The FHF2 exon 1A missense variants are at residues known to contribute to long-term Na_v channel block.³¹ Na_v channels cycle between closed (or resting), open, and inactivated states (Figure 2A).³² Membrane depolarization from resting potential to the voltage threshold for Na_v channel activation triggers the shift from a closed to an open state. The channel is open for around a millisecond before inactivation occurs. The majority of channels are inactivated by a mechanism intrinsic to the Na_v channel but around one third are inactivated by an “inactivation particle” contained by the N-terminal domain of A-type FHF proteins.³³ Channels can recover (or reprime) to a closed state upon hyperpolarization of the membrane. Recovery from the intrinsic Na_v inactivation mechanism is complete within 10 ms while recovery from FHF-mediated inactivation takes hundreds of milliseconds. Channels may also proceed directly from a closed to an inactivated state (“steady-state” inactivation). A-type FHF isoforms have a mixture of inhibitory and pro-excitatory effects on the inactivation mechanisms of Na_v channels. Repeated cycles of channel opening promote accumulation of channels in FHF-mediated long-term block. This contributes to a run-down in Na_v channel availability immediately following a cluster of action potentials.^33,34 Through this inhibitory mechanism, A-type FHF isoforms can induce spike-frequency adaptation, also termed accommodation.³¹ One potential function of accommodation is to prevent persistent excitation of neural networks and seizures.^35,36 In contrast, A-type FHF isoforms also induce a depolarizing shift in the voltage dependence of Na_v channels for steady-state inactivation.^33,34,37,38 This is pro-excitatory because it limits steady-state inactivation of channels at resting potential. Another pro-excitatory effect of A-type FHF isoforms is to slow the intrinsic fast inactivation of channels during membrane depolarization and action potential initiation.^10,34

Figure 2.

Functional characterization of the variants in the FHF2A N-terminal domain

(A) Scheme of voltage-dependent sodium (Na_v) channel state transitions as modulated by A-type fibroblast growth factor homologous factors (FHFs), as described previously.^31,33 Strong rapid depolarization results in transient opening of channels and sodium influx (vertical red arrow). Within milliseconds, channels intrinsically inactivate (leftward descending arrow). When channels are physically associated with A-type FHF, the N terminus (red triangle) competes with the intrinsic Na_v mechanism (blue circle) to rapidly induce long-term inactivation (rightward descending arrow). Recovery to the closed state upon repolarization requires hundreds of milliseconds. Long-term inactivation of channels is impaired in presence of the FHF2A_R11C or FHF2A_R14T (white asterisk). A-type FHFs raise the voltage dependence of steady-state inactivation, preserving more channels in the closed (resting) state. The pro-excitatory DEE-associated FHF1A_R114H mutant protein further raises the voltage dependence of steady-state inactivation.⁴

(B) Voltage-clamp protocol for accumulating long-term inactivation used in (C)–(E). The 40 ms intervals at −90 mV allow for full recovery from intrinsic fast inactivation, but only partial recovery from long-term inactivation, which has a far slower recovery rate.
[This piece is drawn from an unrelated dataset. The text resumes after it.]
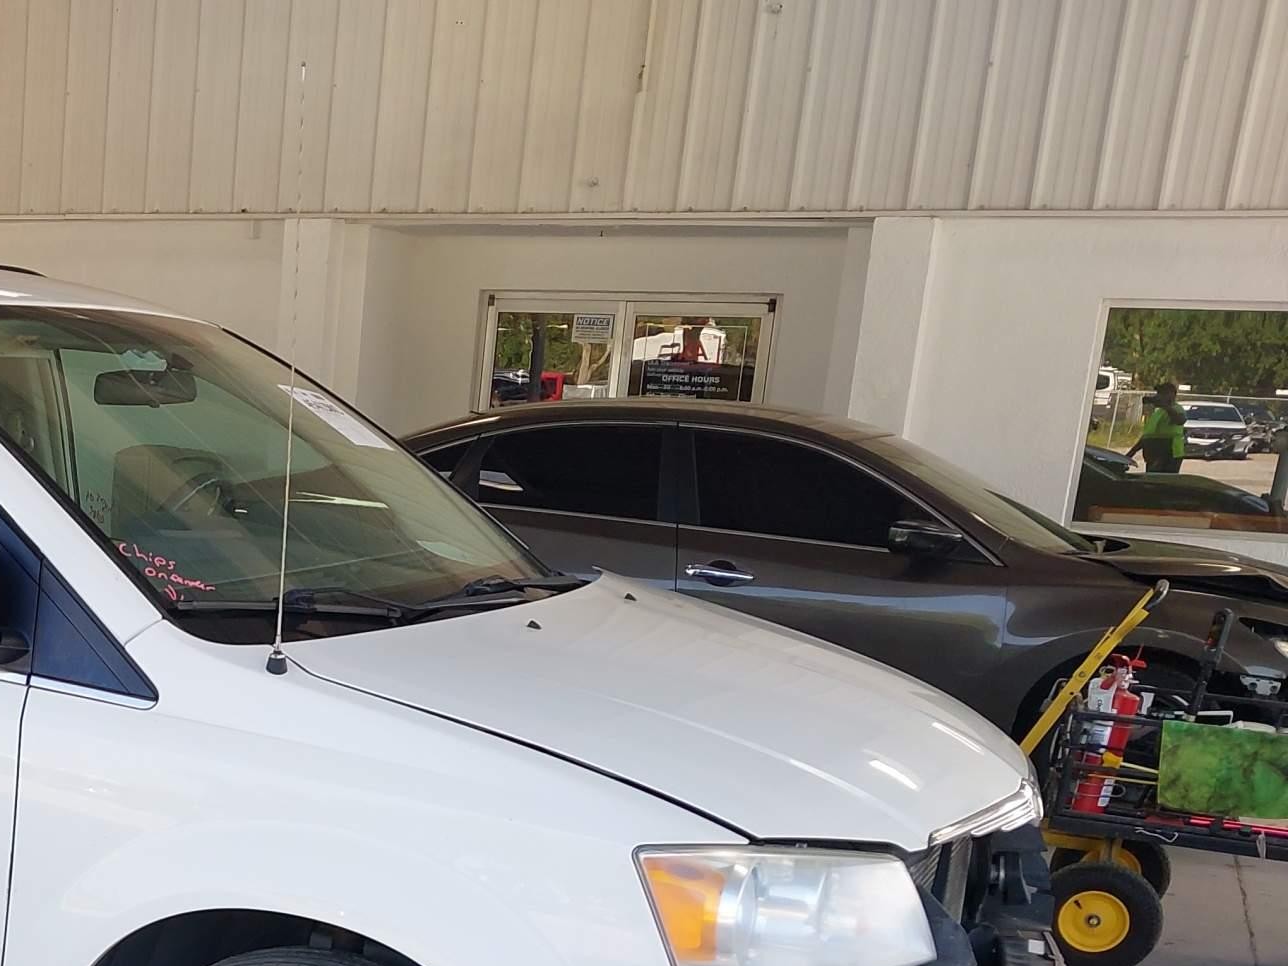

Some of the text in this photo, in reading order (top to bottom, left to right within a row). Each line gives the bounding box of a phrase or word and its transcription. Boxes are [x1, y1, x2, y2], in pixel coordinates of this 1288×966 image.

[577, 317, 609, 326] NOTICE
[662, 374, 689, 383] OFFICE
[691, 376, 720, 384] HOURS
(C–E) Representative sodium current traces in Neuro2A cells expressing Na_v1.6 together with either (C) FHF2A_WT, (D) FHF2A_R11C, or (E) FHF2A_R14T. The variants impair channel long-term inactivation.

(F) Analysis of long-term inactivation induced by wild-type and mutant FHF2A proteins. n represents the number of transfected cells recorded for a given experimental protocol. Data points represent the mean ± standard error (error bars) from the n recorded cells. The impaired long-term inactivation of FHF2A_R11C and FHF2A_R14T in comparison to FHF2A_WT upon depolarizations 2,3,4 is highly significant (p < 10⁻⁷).

(G) Analysis of Na_v1.6 recovery from long-term inactivation at −90 mV. Na_v1.6 recovers faster in cells expressing FHF2A_R11C or FHF2A_R14T compared to cells expressing FHF2A_WT.

(H) FHF2A_R11C and FHF2A_R14T retain the ability to induce 17–19 mV depolarizing shifts in the voltage dependence of Na_v1.6 steady-state inactivation.

To assess the functional effects of FHF2A p.Arg11Cys and p.Arg14Thr on neuronal sodium channel gating, we measured sodium currents during voltage clamp protocols in FHF-negative Neuro2A cells co-transfected with constructs expressing Na_v1.6 (SCN8A) and either wild-type FHF2A (FHF2A_WT) or a mutated version (FHF2A_R11C or FHF2A_R14T). Detailed descriptions of the plasmids, mutagenesis, transfection of Neuro2A cells and measurement of sodium currents are provided in the supplemental material and methods. All procedures parallel those we have described previously.^31,33 Patched cells were depolarized to 0 mV for four 16 ms intervals separated by 40 ms recovery periods at −90 mV to allow for sodium channel recovery from intrinsic fast inactivation (Figure 2B). In cells expressing FHF2A_WT, transient Na_v1.6 sodium current amplitude diminishes with each depolarization cycle (Figures 2C and 2F), reflecting accumulating long-term inactivation of Na_v1.6. By contrast, the extent of long-term channel inactivation is greatly reduced in cells expressing FHF2A_R11C (Figures 2D and 2F), while the sodium currents during four depolarization cycles in cells expressing FHF2A_R14T are indistinguishable from those in cells without FHF2 (Figures 2E and 2F), demonstrating that FHF2A_R14T is incapable of promoting Na_v1.6 long-term inactivation.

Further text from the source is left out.